Collected data:
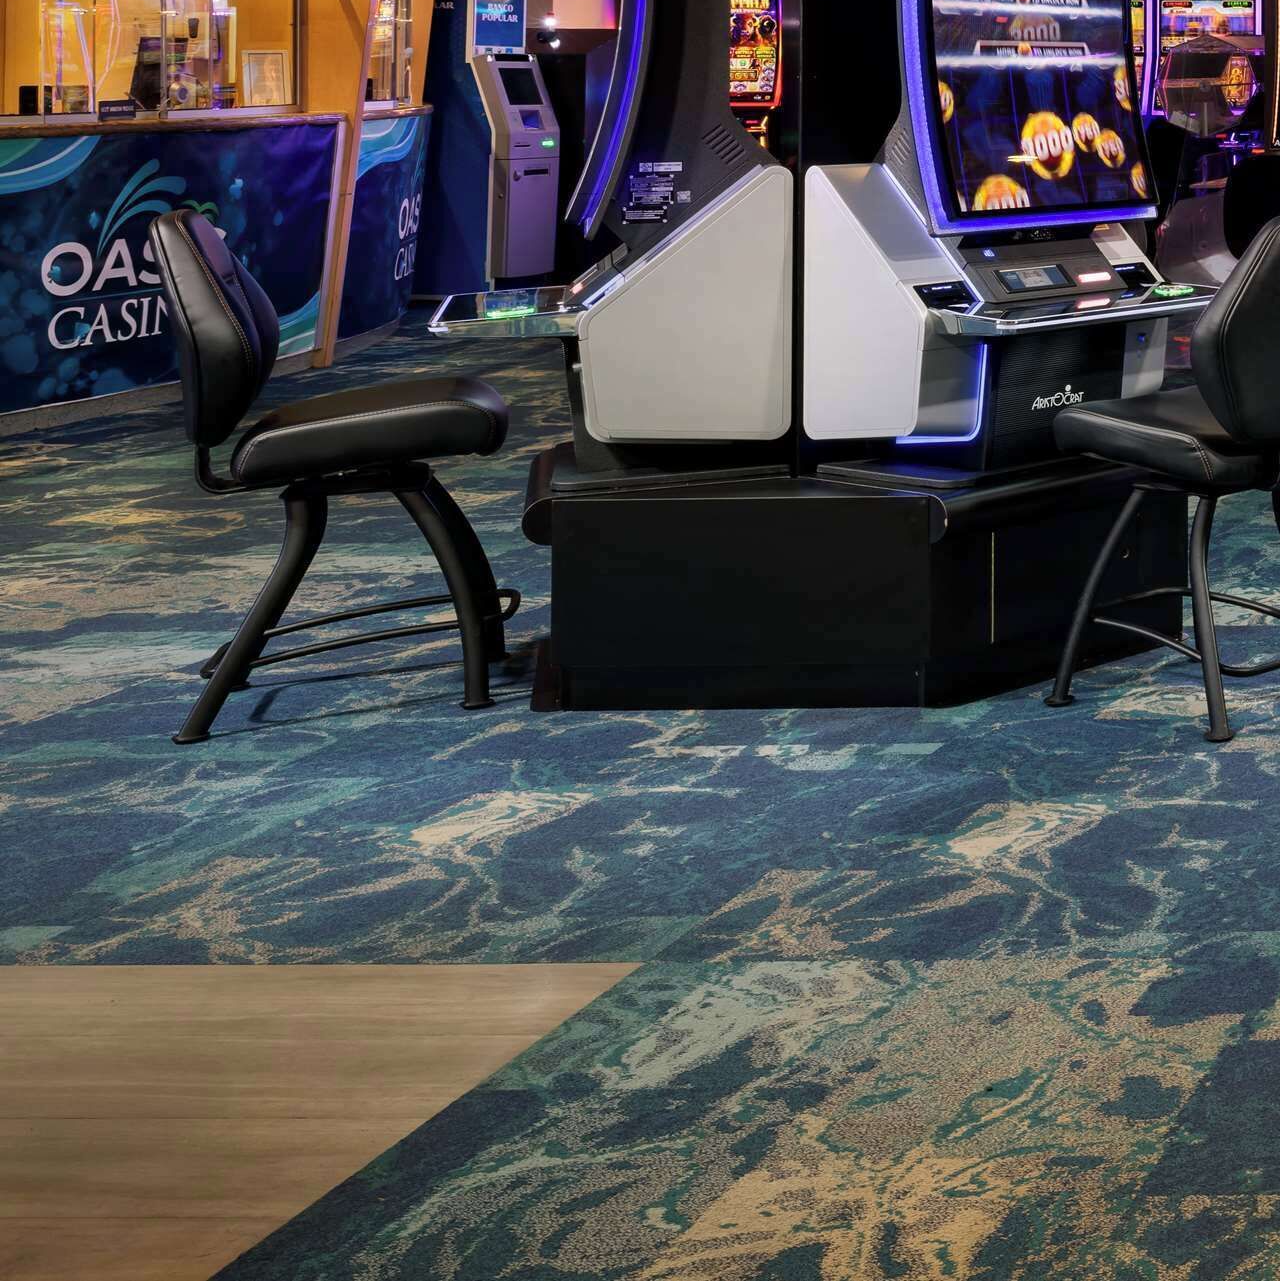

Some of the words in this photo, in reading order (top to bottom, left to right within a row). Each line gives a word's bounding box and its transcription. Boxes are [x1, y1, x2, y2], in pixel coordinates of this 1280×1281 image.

[487, 3, 514, 13] BANCO
[482, 13, 518, 23] POPULAR
[1032, 384, 1084, 411] ARISTOCRAT
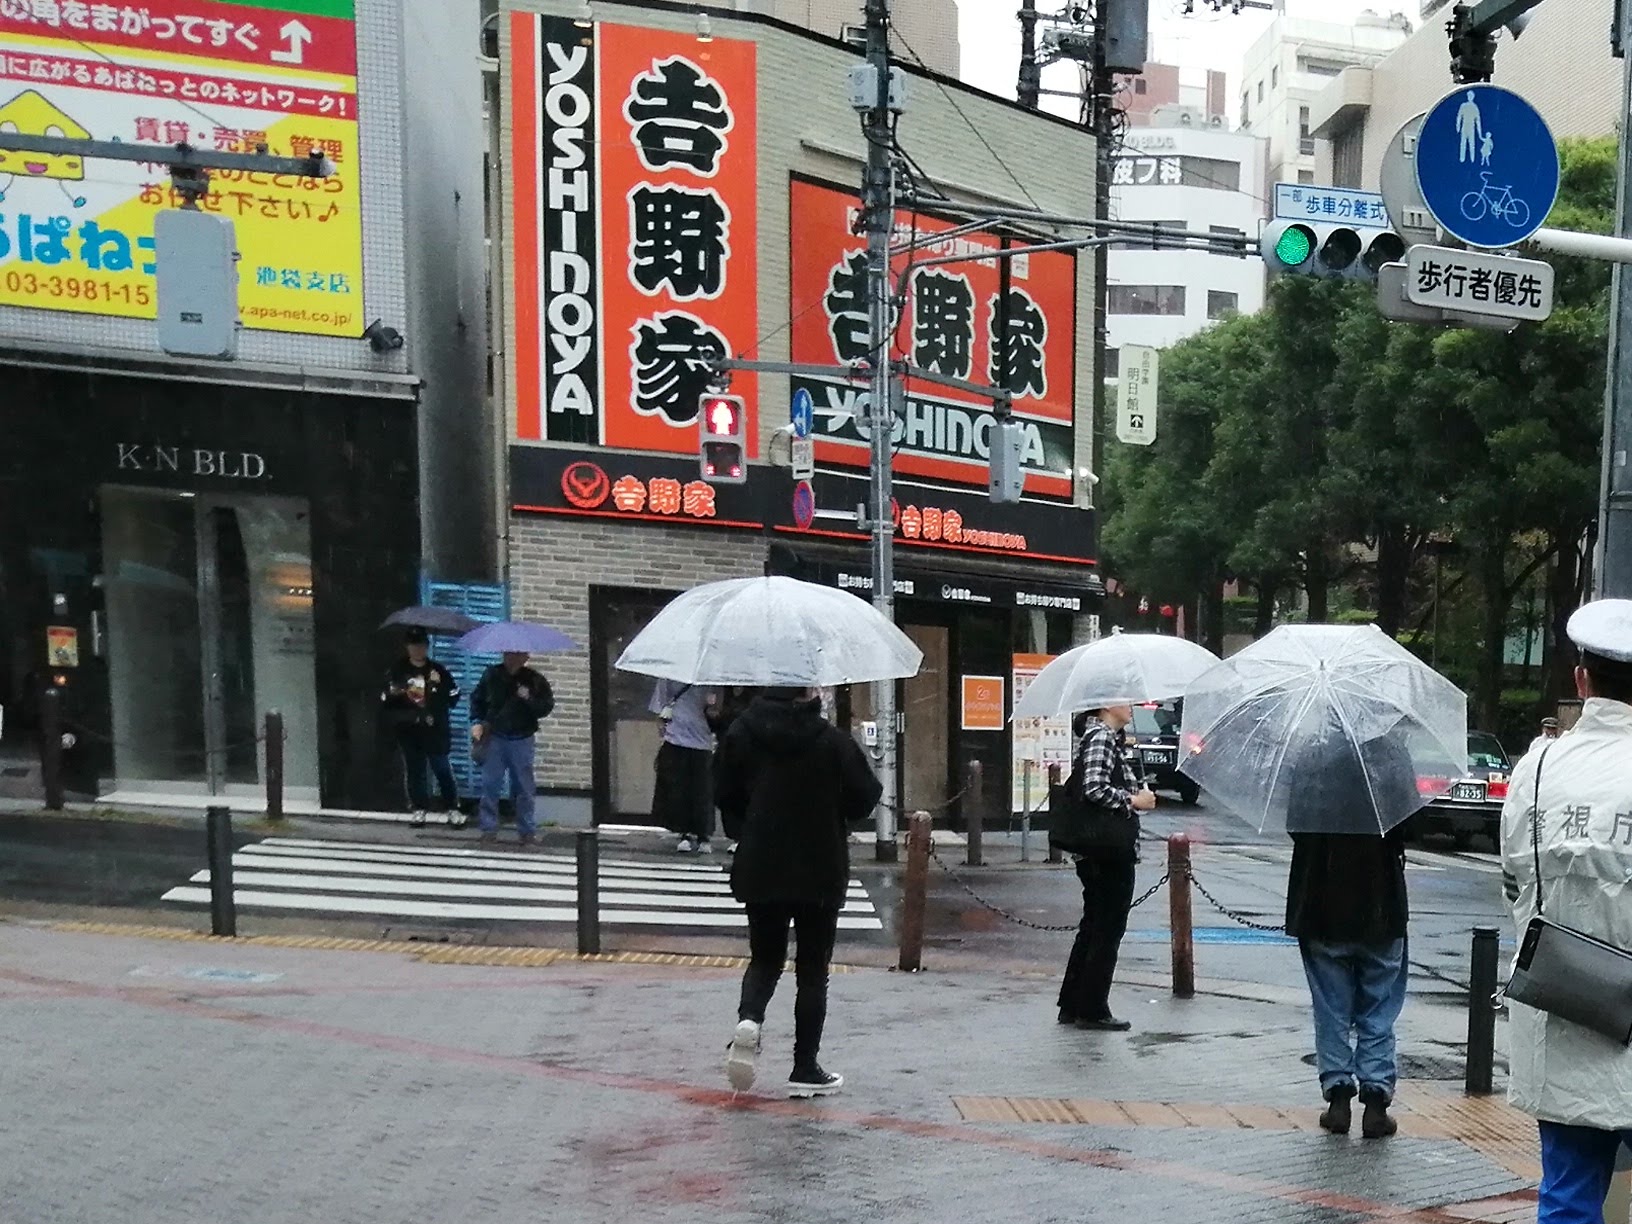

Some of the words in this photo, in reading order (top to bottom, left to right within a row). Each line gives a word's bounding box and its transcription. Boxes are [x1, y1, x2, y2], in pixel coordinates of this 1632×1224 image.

[545, 42, 594, 415] YOSHINOYA
[1306, 195, 1386, 221] 歩車分離式
[622, 54, 735, 428] 吉野家
[1418, 260, 1543, 309] 歩行者優先
[822, 248, 1047, 399] 吉野家
[611, 474, 717, 518] 吉野家
[901, 504, 963, 543] 吉野家

▸ Work request:
Word for word, repeat the lines from the one holding "this 1632×1224 image." through the last line of the entries, both included.

▸ Completed task:
Some of the words in this photo, in reading order (top to bottom, left to right within a row). Each line gives a word's bounding box and its transcription. Boxes are [x1, y1, x2, y2], in pixel coordinates of this 1632×1224 image.

[545, 42, 594, 415] YOSHINOYA
[1306, 195, 1386, 221] 歩車分離式
[622, 54, 735, 428] 吉野家
[1418, 260, 1543, 309] 歩行者優先
[822, 248, 1047, 399] 吉野家
[611, 474, 717, 518] 吉野家
[901, 504, 963, 543] 吉野家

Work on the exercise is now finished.